Board member Ali Saberioon (right) serves as chair-elect of the University Cancer Foundation Board of Visitors (BOV) and will take the reins from Nancy Loeffler (center) in two years. Ernest Cockrell (left), immediate past chair, passed the role to Loeffler in September 2009. The BOV is an appointed board of volunteers that assists the president and other institutional leaders in an advisory capacity. The board furthers M. D. Anderson’s mission through fundraising, community involvement and providing counsel on many issues that impact the institution.
Transformation at the top
This year, as M. D. Anderson welcomes its 23rd chair of the Board of Visitors, it celebrates a milestone. For the first time since the board was established in 1955, a woman will serve as chair. An active member of the board since 1996, Nancy Loeffler from San Antonio has served on committees and hosted events. Although she’ll serve as chair for two years, the responsibility involves a six-year commitment — first serving as chair-elect, chair, then immediate past chair.
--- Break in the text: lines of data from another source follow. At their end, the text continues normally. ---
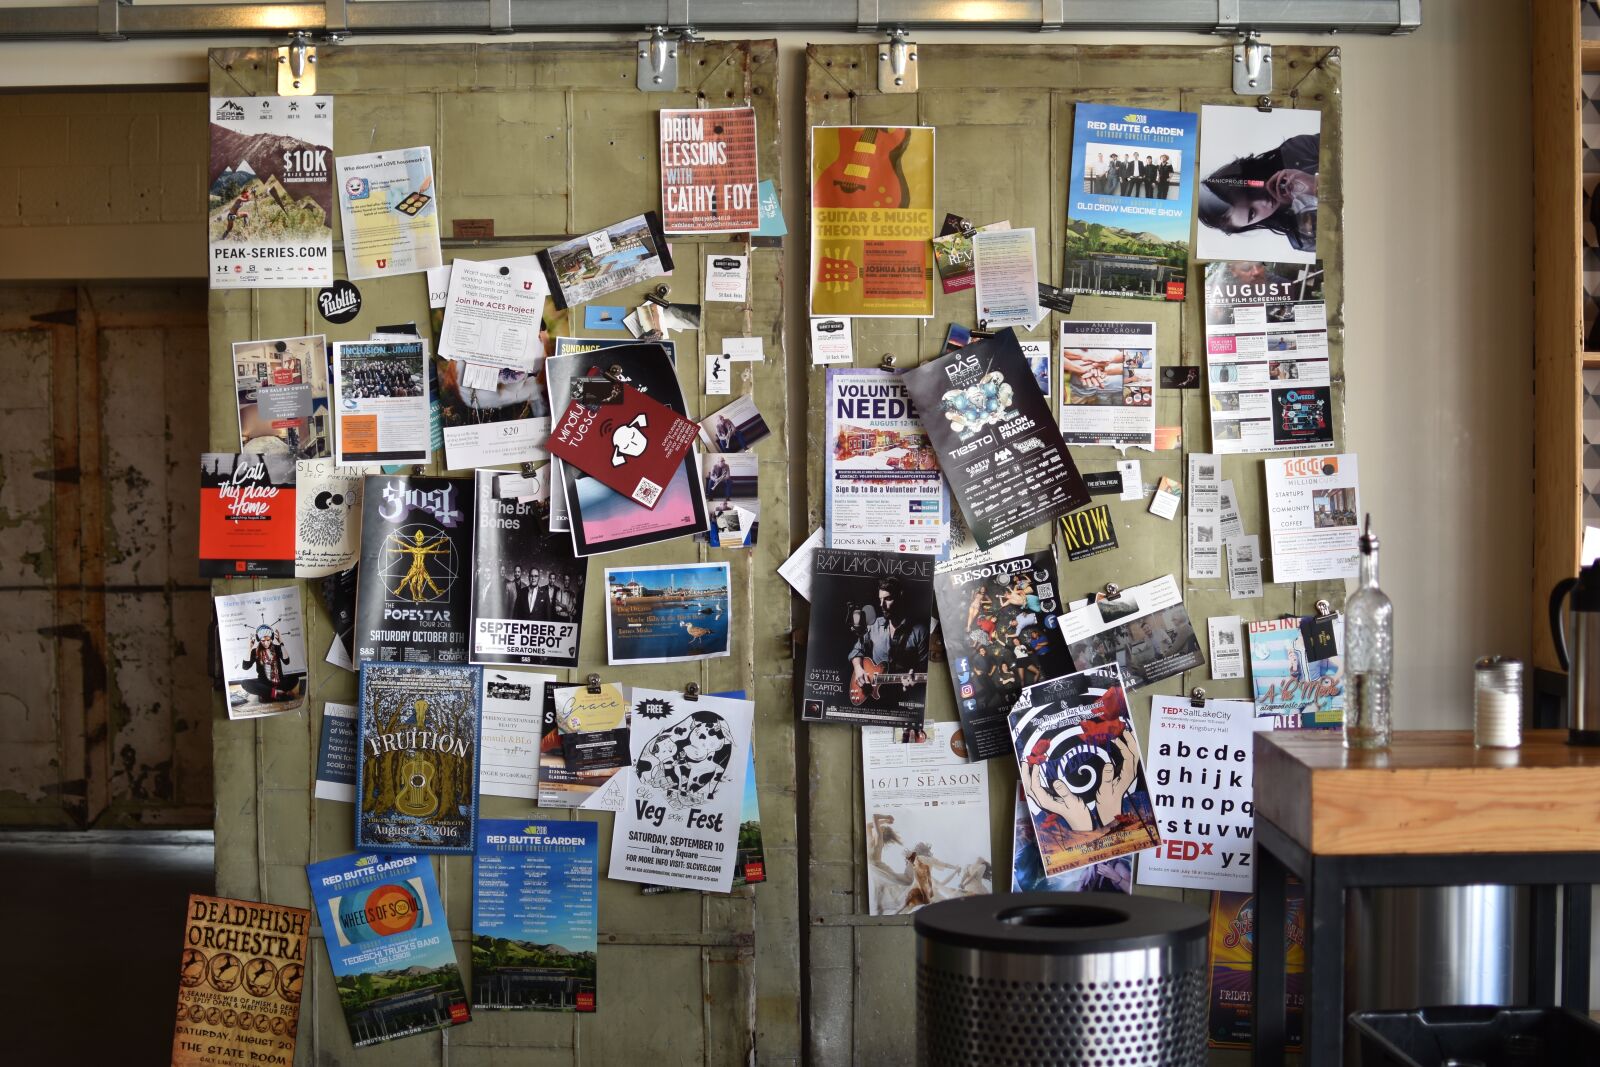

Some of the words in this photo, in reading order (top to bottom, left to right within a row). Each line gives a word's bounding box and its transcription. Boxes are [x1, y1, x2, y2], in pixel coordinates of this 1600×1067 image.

[663, 117, 704, 141] DRUM
[1087, 121, 1107, 130] RED
[1109, 123, 1140, 133] BUTTE
[1143, 126, 1184, 137] GARDEN
[284, 150, 327, 171] $10K
[665, 142, 727, 166] LESSONS
[667, 167, 692, 184] WITH
[668, 185, 715, 211] CATHY
[724, 184, 753, 210] FOY
[817, 211, 868, 223] GUITAR
[871, 212, 880, 223] &
[884, 212, 928, 223] MUSIC
[1077, 202, 1094, 211] OLD
[1094, 204, 1119, 212] CROW
[1120, 206, 1157, 215] MEDICINE
[1158, 208, 1183, 217] SHOW
[816, 225, 871, 236] THEORY
[873, 225, 930, 236] LESSONS
[215, 247, 327, 258] PEAK-SERIES.COM
[1212, 283, 1292, 297] AUGUST
[320, 288, 360, 316] Publik.
[486, 302, 505, 310] ACES
[944, 354, 978, 376] DAS
[837, 398, 920, 419] NEEDE
[503, 427, 518, 436] $20
[998, 415, 1028, 433] DILLON
[1001, 419, 1036, 439] FRANCIS
[233, 462, 265, 485] Call
[298, 462, 324, 473] SLC
[333, 466, 368, 476] PINK
[966, 458, 990, 472] GARETH
[218, 482, 240, 499] this
[242, 483, 279, 500] place
[835, 485, 850, 493] Sign
[919, 486, 940, 494] Today!
[228, 500, 270, 520] Home
[492, 502, 514, 515] The
[480, 515, 520, 529] Bones
[1061, 506, 1110, 550] NOW
[817, 555, 839, 570] RAY
[843, 557, 931, 577] LAMONTAGNE
[952, 558, 1033, 586] RESOLVED
[384, 609, 450, 621] POPESTAR
[370, 630, 411, 641] SATURDAY
[413, 632, 448, 642] OCTOBER
[450, 632, 464, 643] 8TH
[480, 622, 554, 636] SEPTEMBER
[560, 626, 573, 637] 27
[490, 634, 515, 645] THE
[520, 636, 562, 648] DEPOT
[810, 673, 840, 682] 09.17.16
[813, 684, 843, 692] CAPITOL
[562, 697, 619, 719] Grace
[646, 704, 663, 714] FREE
[1189, 725, 1216, 734] Kingsbury
[368, 730, 470, 758] FRUITION
[871, 777, 909, 789] 16/17
[917, 774, 982, 787] SEASON
[635, 799, 666, 826] Veg
[686, 808, 723, 832] Fest
[374, 825, 410, 836] August
[433, 826, 457, 837] 2016
[486, 835, 507, 844] RED
[509, 836, 541, 844] BUTTE
[543, 837, 585, 846] GARDEN
[628, 831, 668, 846] SATURDAY,
[670, 835, 713, 851] SEPTEMBER
[716, 843, 724, 852] 10
[652, 846, 674, 858] Library
[676, 847, 698, 859] Square
[322, 875, 342, 886] RED
[344, 866, 375, 881] BUTTE
[377, 856, 417, 873] GARDEN
[626, 854, 637, 862] FOR
[638, 855, 654, 864] MORE
[656, 856, 668, 865] INFO
[670, 859, 685, 868] VISIT:
[686, 861, 721, 873] SLCVEG.COM
[192, 900, 306, 935] DEADPHISH
[341, 906, 376, 928] WHEELS
[376, 903, 389, 920] OF
[390, 898, 421, 918] SOUL
[188, 925, 303, 960] ORCHESTRA
[342, 951, 383, 966] TEDESCHI
[383, 943, 416, 957] TRUCKS
[418, 936, 440, 948] BAND
[374, 957, 388, 965] LOS
[389, 952, 412, 962] LOBOS
[186, 991, 222, 1001] SEAMLESS
[252, 999, 272, 1008] PHISH
[280, 1004, 298, 1012] DEAD
[193, 996, 211, 1004] SPLIT
[212, 998, 231, 1008] OPEN
[241, 1003, 257, 1011] MELT
[259, 1006, 278, 1014] YOUR
[280, 1008, 297, 1017] FACE
[175, 1027, 230, 1041] SATURDAY,
[235, 1035, 274, 1047] AUGUST
[278, 1041, 292, 1049] 20
[180, 1042, 202, 1052] THE
[207, 1046, 244, 1058] STATE
[250, 1051, 286, 1065] ROOM
Her duties include organizing the board’s annual meeting, creating reports and making recommendations to the board, participating as a member of the board’s Strategic Advisory Committee, appointing chairs to board committees and presiding over all meetings.
Hot topic in Dallas
With energy entrepreneur T. Boone Pickens and journalist Evan Smith engaged in a lively onstage interview, the 2008 A Conversation With a Living LegendSM at the Hilton Anatole in Dallas was the talk of the town. Approximately 1,000 guests gathered for the record-breaking event, which generated $1 million for research and patient care initiatives at M. D. Anderson, and brought total proceeds since its 1990 inception to more than $8 million. The luncheon-interview format originated by Dallas- and Fort Worth-area business and community leaders has in recent years inspired a Houston version, which in 2008 paired political commentators Mary Matalin and James Carville with broadcast journalist Sam Donaldson.
Exceptional ingenuity meets presidential passion
For the past decade, the George and Barbara Bush Endowment for Innovative Cancer Research has provided dozens of scientists philanthropic fuel to power their creative ideas. The resulting data enables them to successfully compete for federal funding and produce important results. In 1999, the Bush Endowment was launched with a gala, Milestones & Miracles, that celebrated the birthdays of George and Barbara Bush. Five years later, current Board of Visitors member Sue Timken and her husband, Tim, co-chaired 41@80, an event that enabled the Bush Endowment to surpass its goal of $50 million. In tribute to the Bushes, M. D. Anderson named the Robin Bush Child and Adolescent Clinic in memory of the daughter they lost to leukemia at age 3.